- Problem statement
In the records below, the lines between the one holding "this 1600×1067 image." and the one holding "this 1500×1000 image.", inclusive, are to be transcribed exactly; no pictures are to be included.

Excerpts from a dataset

==========

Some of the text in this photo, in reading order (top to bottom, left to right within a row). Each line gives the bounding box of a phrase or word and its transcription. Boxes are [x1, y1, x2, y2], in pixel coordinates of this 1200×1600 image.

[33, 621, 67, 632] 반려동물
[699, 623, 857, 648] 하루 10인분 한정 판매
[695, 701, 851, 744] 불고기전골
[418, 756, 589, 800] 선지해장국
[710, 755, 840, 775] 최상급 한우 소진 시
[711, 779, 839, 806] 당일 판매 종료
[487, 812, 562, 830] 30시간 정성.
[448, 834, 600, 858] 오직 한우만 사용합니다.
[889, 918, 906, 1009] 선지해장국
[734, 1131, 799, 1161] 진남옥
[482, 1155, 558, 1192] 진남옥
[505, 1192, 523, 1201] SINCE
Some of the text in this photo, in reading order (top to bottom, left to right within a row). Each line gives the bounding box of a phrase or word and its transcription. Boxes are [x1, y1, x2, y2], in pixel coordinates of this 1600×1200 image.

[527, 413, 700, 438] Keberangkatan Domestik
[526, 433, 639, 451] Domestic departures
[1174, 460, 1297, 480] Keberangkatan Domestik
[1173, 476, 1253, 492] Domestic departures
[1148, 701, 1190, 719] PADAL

==========

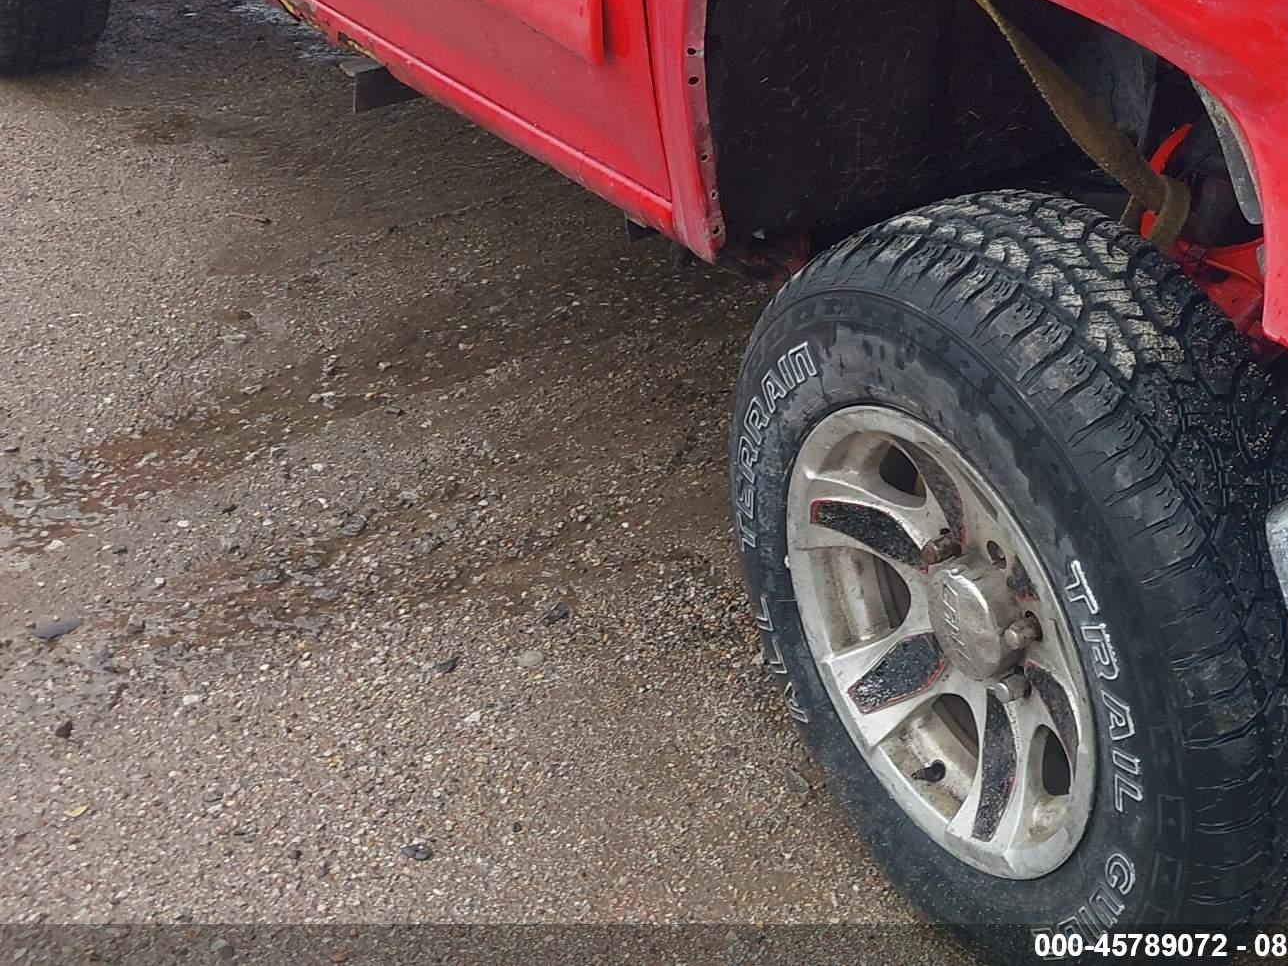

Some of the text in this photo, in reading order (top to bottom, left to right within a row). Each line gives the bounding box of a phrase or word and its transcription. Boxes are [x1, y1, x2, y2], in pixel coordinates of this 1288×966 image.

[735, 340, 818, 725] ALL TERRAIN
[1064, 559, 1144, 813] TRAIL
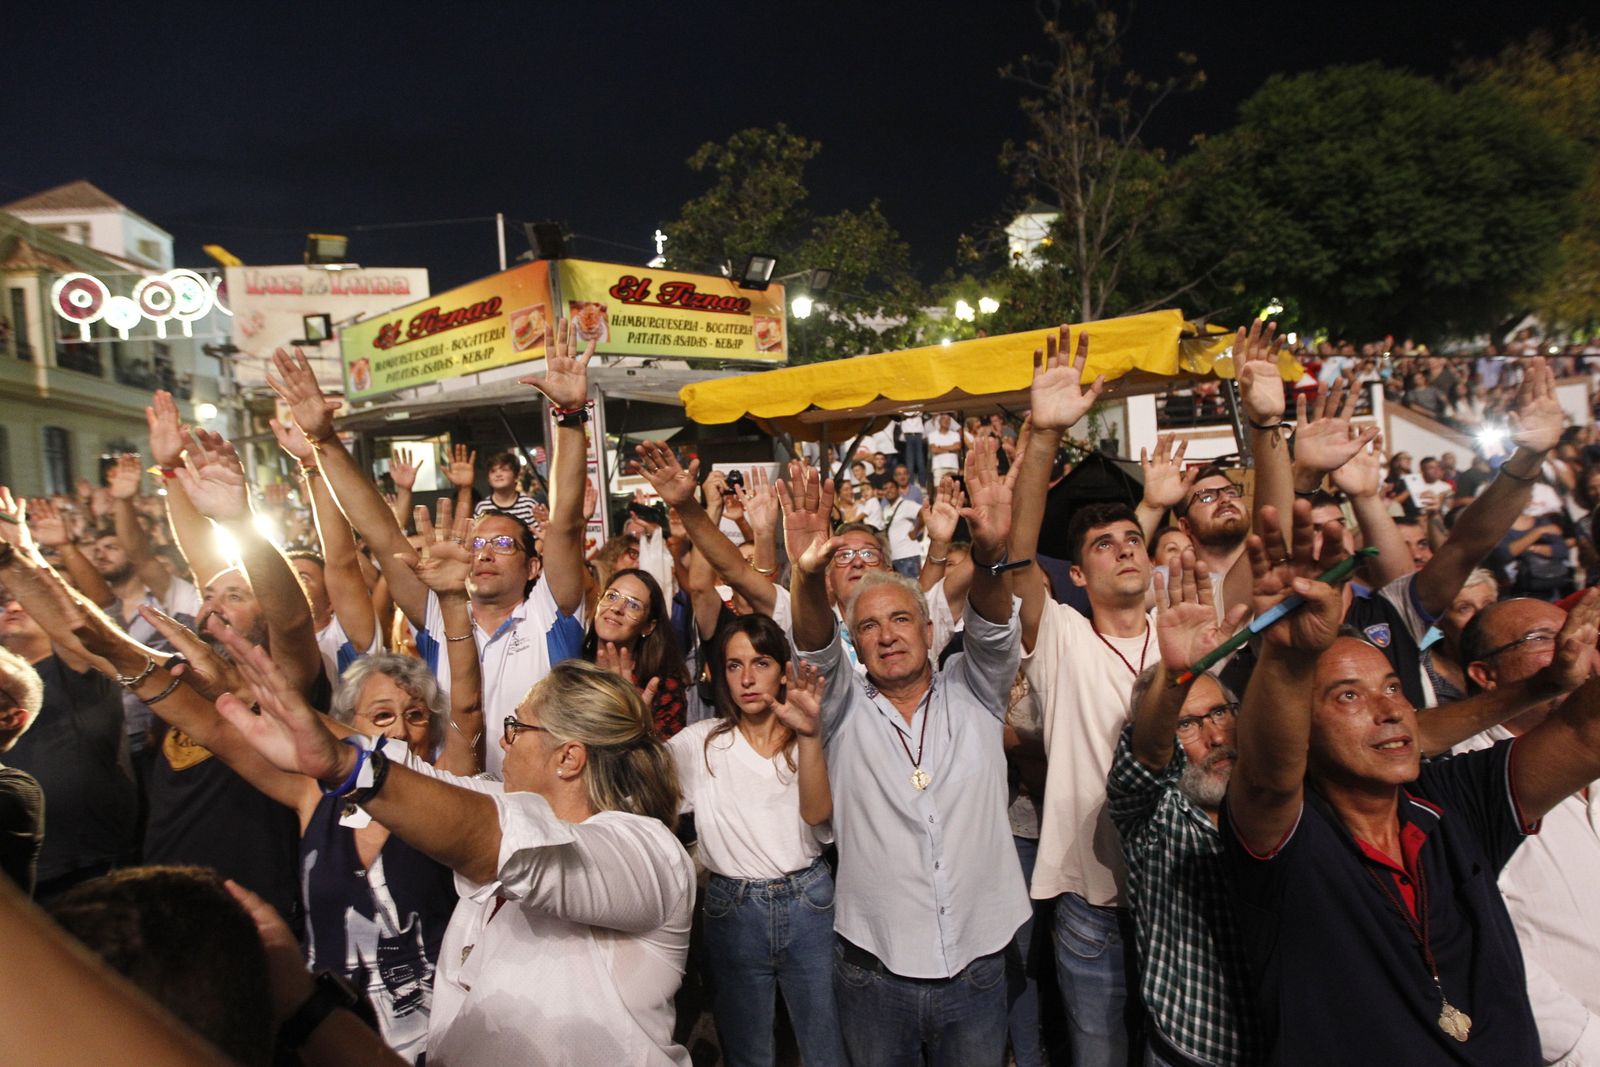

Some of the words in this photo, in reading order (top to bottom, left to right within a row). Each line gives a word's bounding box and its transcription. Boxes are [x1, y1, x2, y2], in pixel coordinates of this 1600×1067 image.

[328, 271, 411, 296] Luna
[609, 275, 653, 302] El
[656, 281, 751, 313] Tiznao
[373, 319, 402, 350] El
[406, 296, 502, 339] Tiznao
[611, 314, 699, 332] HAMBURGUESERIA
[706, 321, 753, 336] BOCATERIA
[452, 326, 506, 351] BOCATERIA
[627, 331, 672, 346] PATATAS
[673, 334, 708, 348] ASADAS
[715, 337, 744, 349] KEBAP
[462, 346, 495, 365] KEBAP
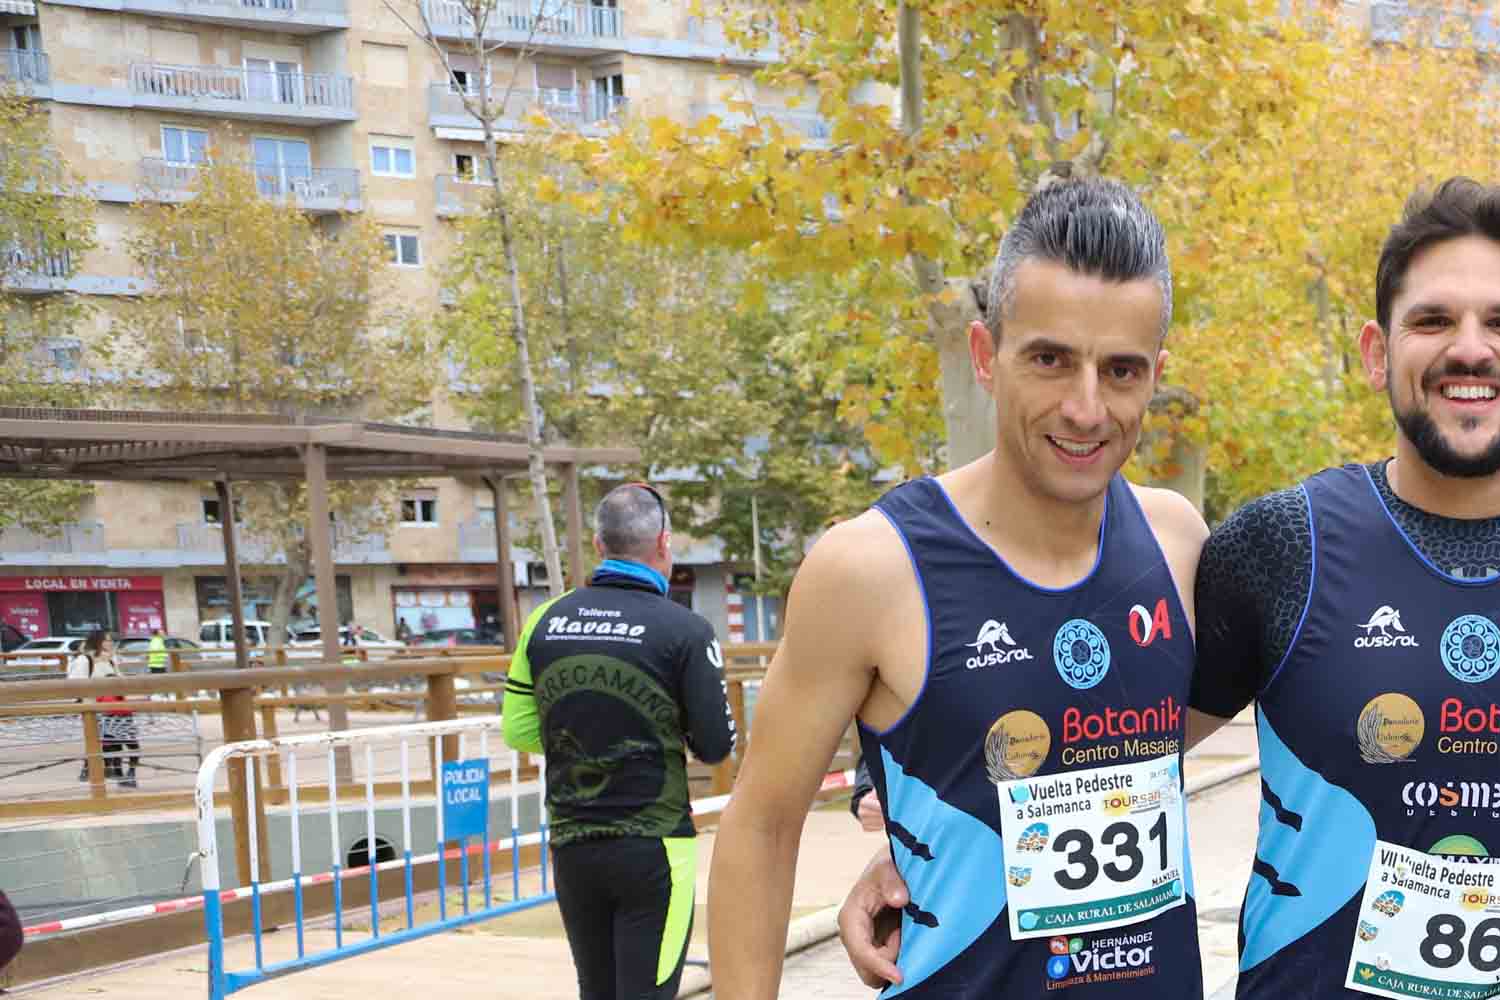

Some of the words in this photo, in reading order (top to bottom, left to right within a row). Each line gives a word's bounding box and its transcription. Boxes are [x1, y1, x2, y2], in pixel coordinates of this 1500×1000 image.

==========

- Written response
Some of the words in this photo, in reading order (top to bottom, left to right within a row). Each line gives a word's bounding box and its transcription. Boxes are [x1, y1, x2, y2], in pixel coordinates of this 1600×1067 image.

[328, 271, 411, 296] Luna
[609, 275, 653, 302] El
[656, 281, 751, 313] Tiznao
[373, 319, 402, 350] El
[406, 296, 502, 339] Tiznao
[611, 314, 699, 332] HAMBURGUESERIA
[706, 321, 753, 336] BOCATERIA
[452, 326, 506, 351] BOCATERIA
[627, 331, 672, 346] PATATAS
[673, 334, 708, 348] ASADAS
[715, 337, 744, 349] KEBAP
[462, 346, 495, 365] KEBAP

Some of the words in this photo, in reading order (top to bottom, left to right within a row). Each line gives a word's bounding box and its transcription. Boxes are [x1, y1, x2, y2], in pixel coordinates of this 1500×1000 image.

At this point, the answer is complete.